→ EXERCISE DETAILS: In your reply, repeat the full listing exactly and leave each picture out.

──────

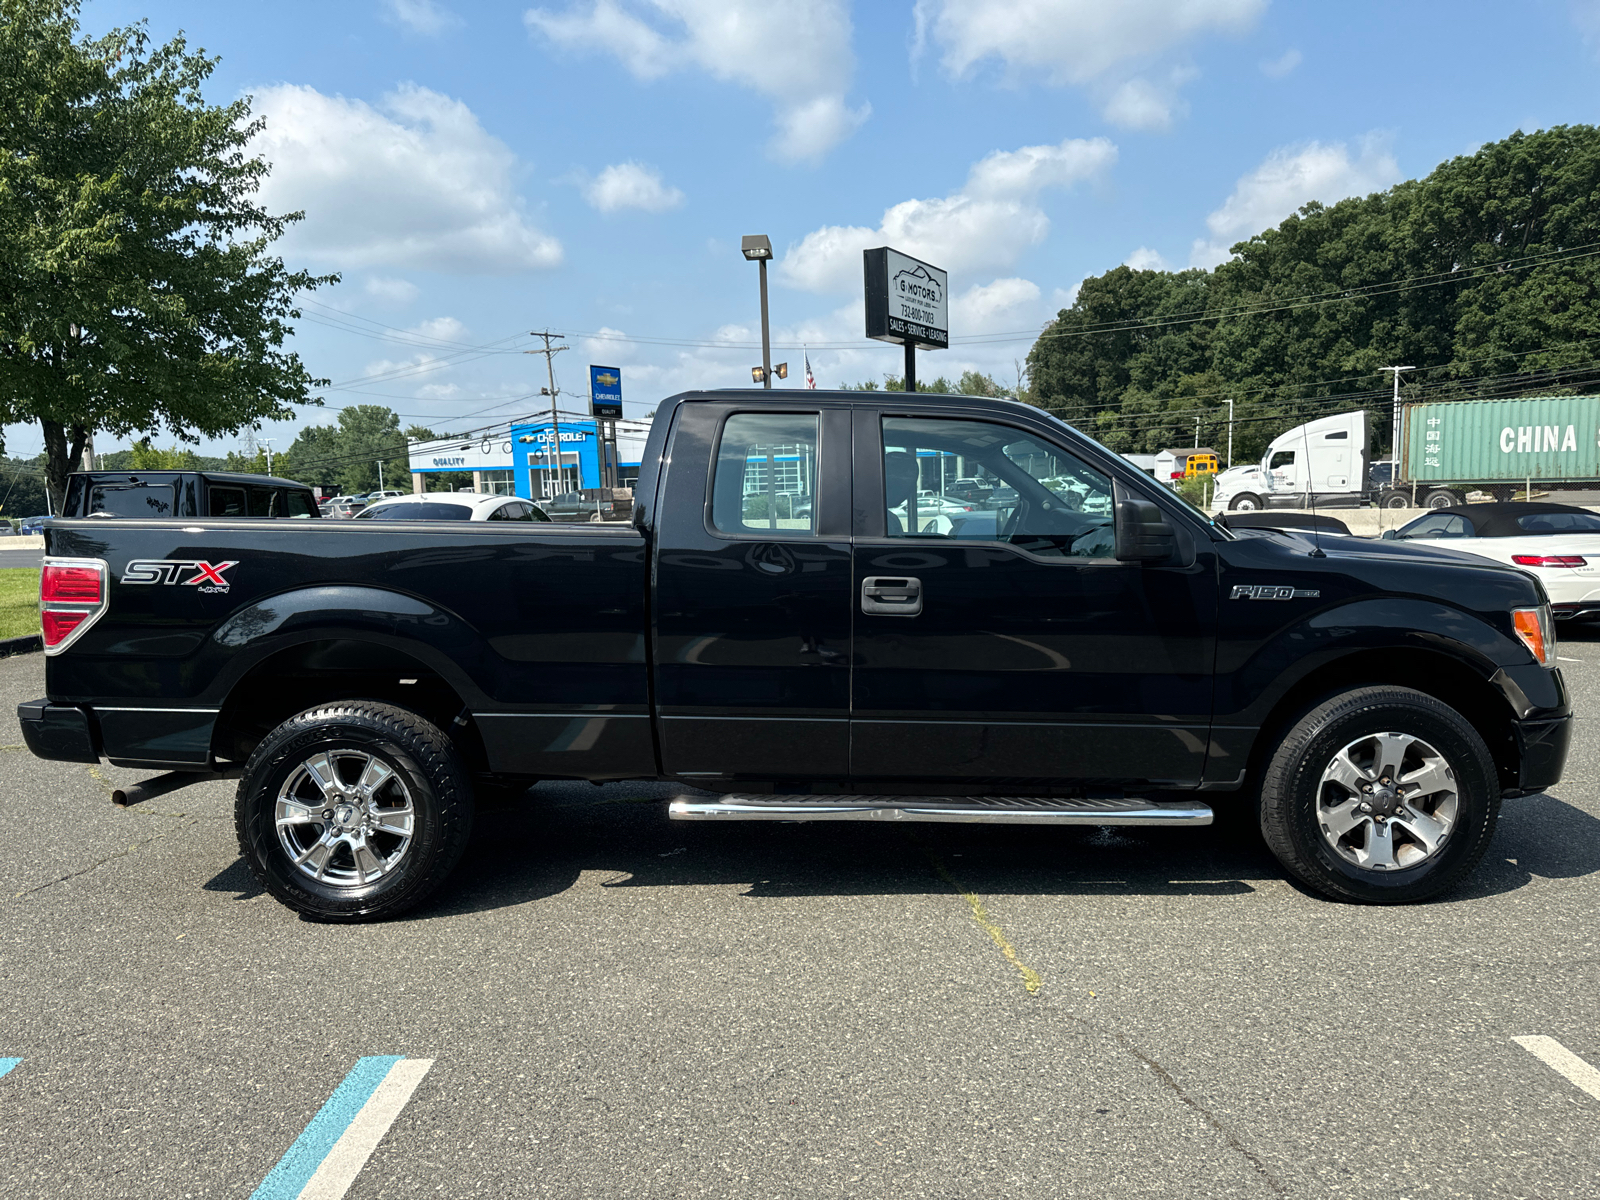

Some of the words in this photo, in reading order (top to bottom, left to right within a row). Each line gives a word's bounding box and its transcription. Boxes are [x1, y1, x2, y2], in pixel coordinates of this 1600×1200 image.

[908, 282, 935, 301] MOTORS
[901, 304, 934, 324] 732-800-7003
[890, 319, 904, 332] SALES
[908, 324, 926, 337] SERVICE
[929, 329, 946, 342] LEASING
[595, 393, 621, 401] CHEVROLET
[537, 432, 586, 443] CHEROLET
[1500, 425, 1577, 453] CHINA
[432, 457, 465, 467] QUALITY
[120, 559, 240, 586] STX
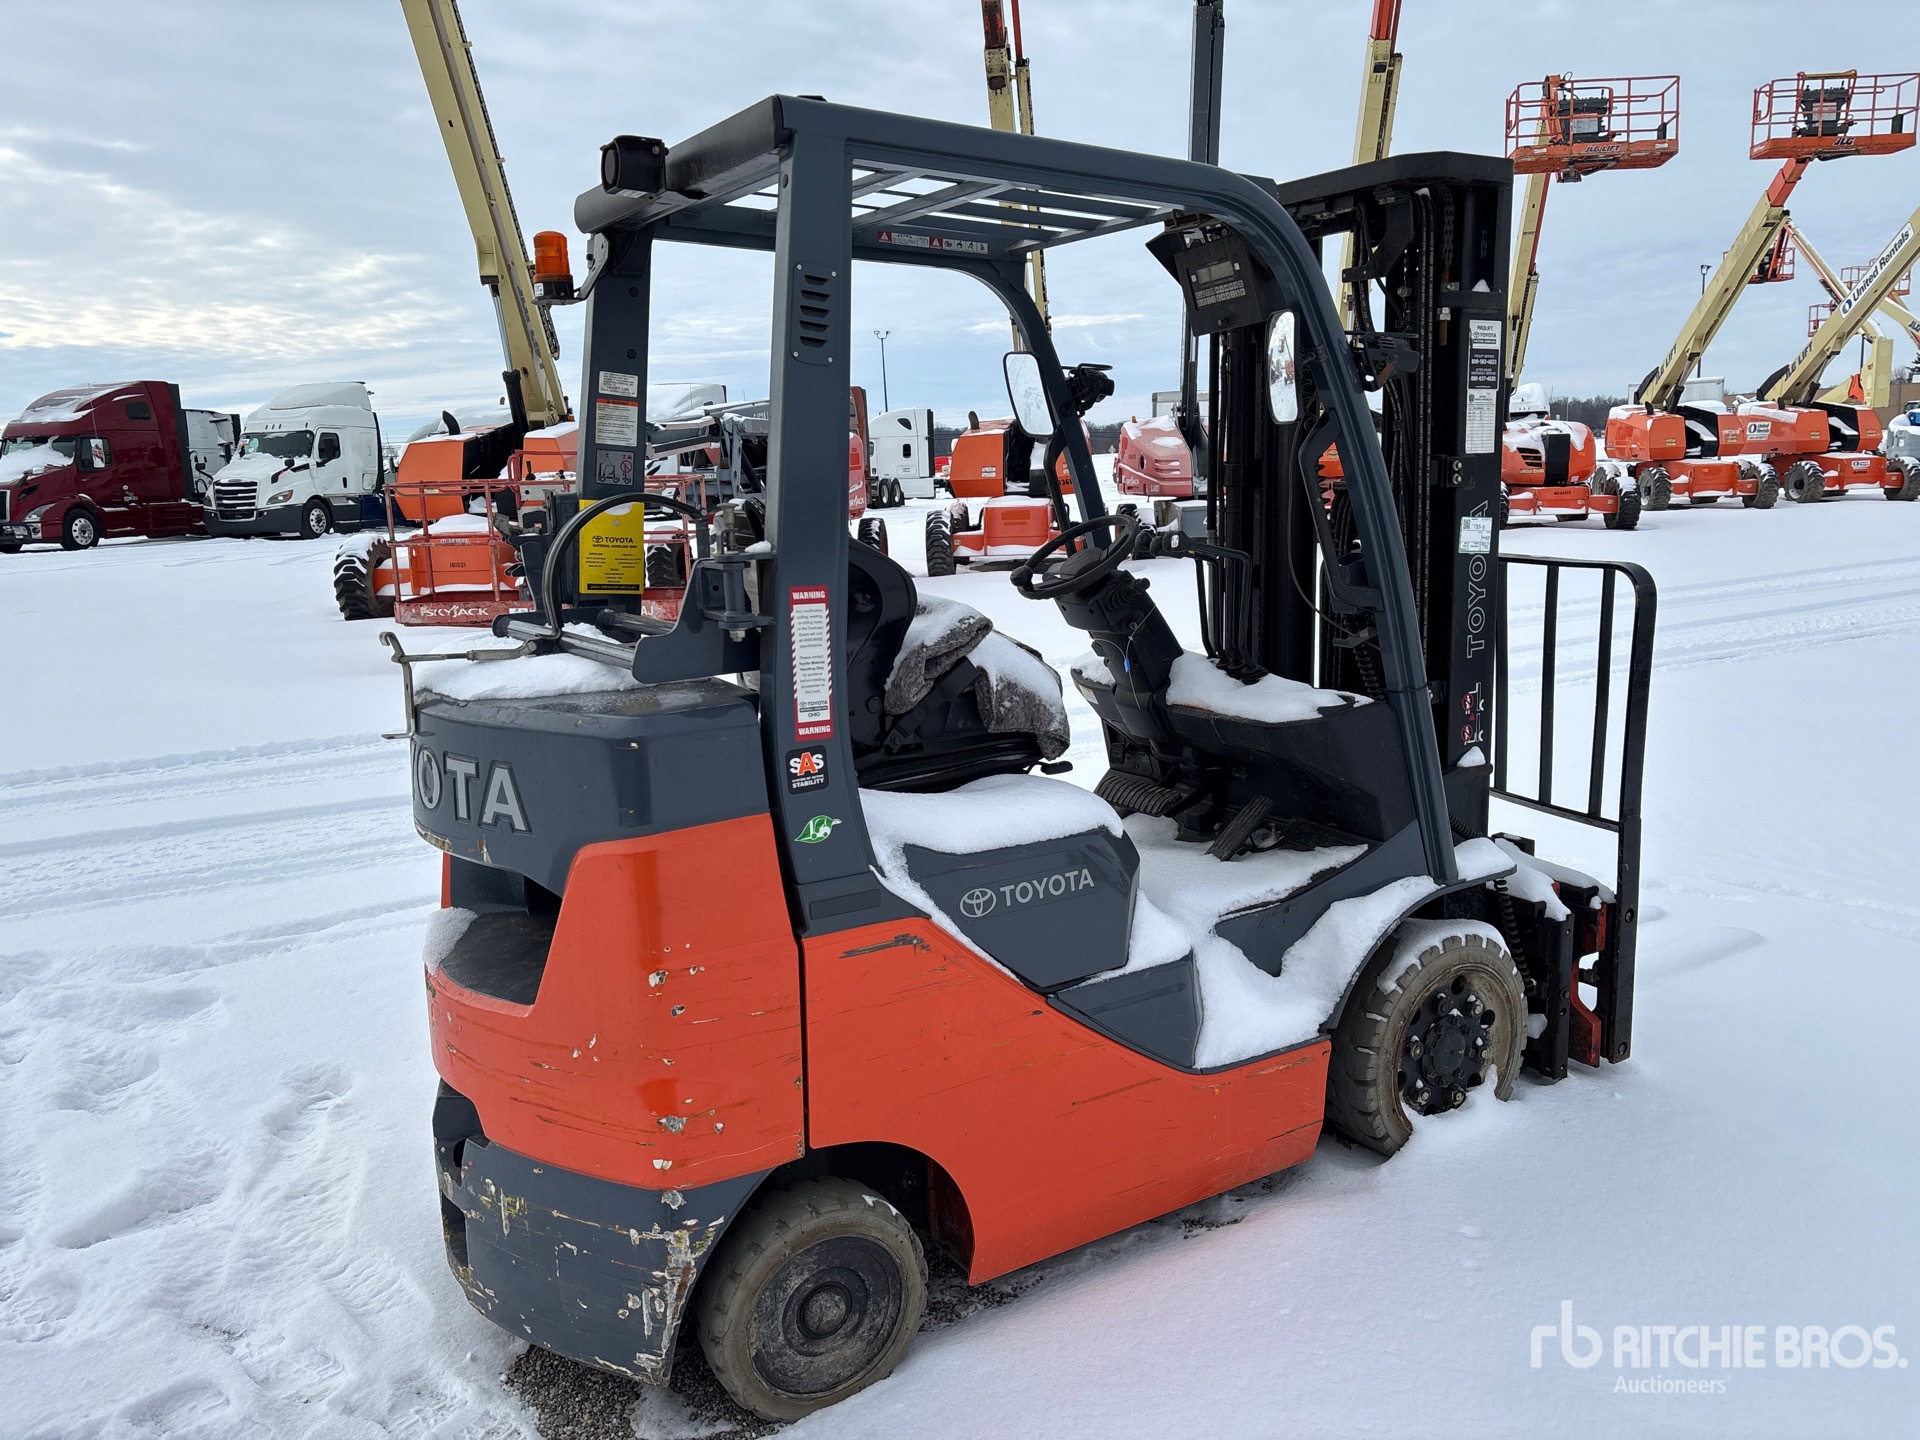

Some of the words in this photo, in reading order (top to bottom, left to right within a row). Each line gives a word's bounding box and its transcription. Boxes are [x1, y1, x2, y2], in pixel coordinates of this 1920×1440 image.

──────

→ YOUR SOLUTION:
Some of the words in this photo, in reading order (top to bottom, left to right within a row). Each line gives a word's bounding box and its transcription. Boxes are [x1, y1, x2, y2], in pixel coordinates of this 1600×1200 image.

[908, 282, 935, 301] MOTORS
[901, 304, 934, 324] 732-800-7003
[890, 319, 904, 332] SALES
[908, 324, 926, 337] SERVICE
[929, 329, 946, 342] LEASING
[595, 393, 621, 401] CHEVROLET
[537, 432, 586, 443] CHEROLET
[1500, 425, 1577, 453] CHINA
[432, 457, 465, 467] QUALITY
[120, 559, 240, 586] STX

Some of the words in this photo, in reading order (top to bottom, left to right within a row). Each line gives a word's bounding box and its transcription. Boxes are [x1, y1, x2, y2], in pixel coordinates of this 1920×1440 image.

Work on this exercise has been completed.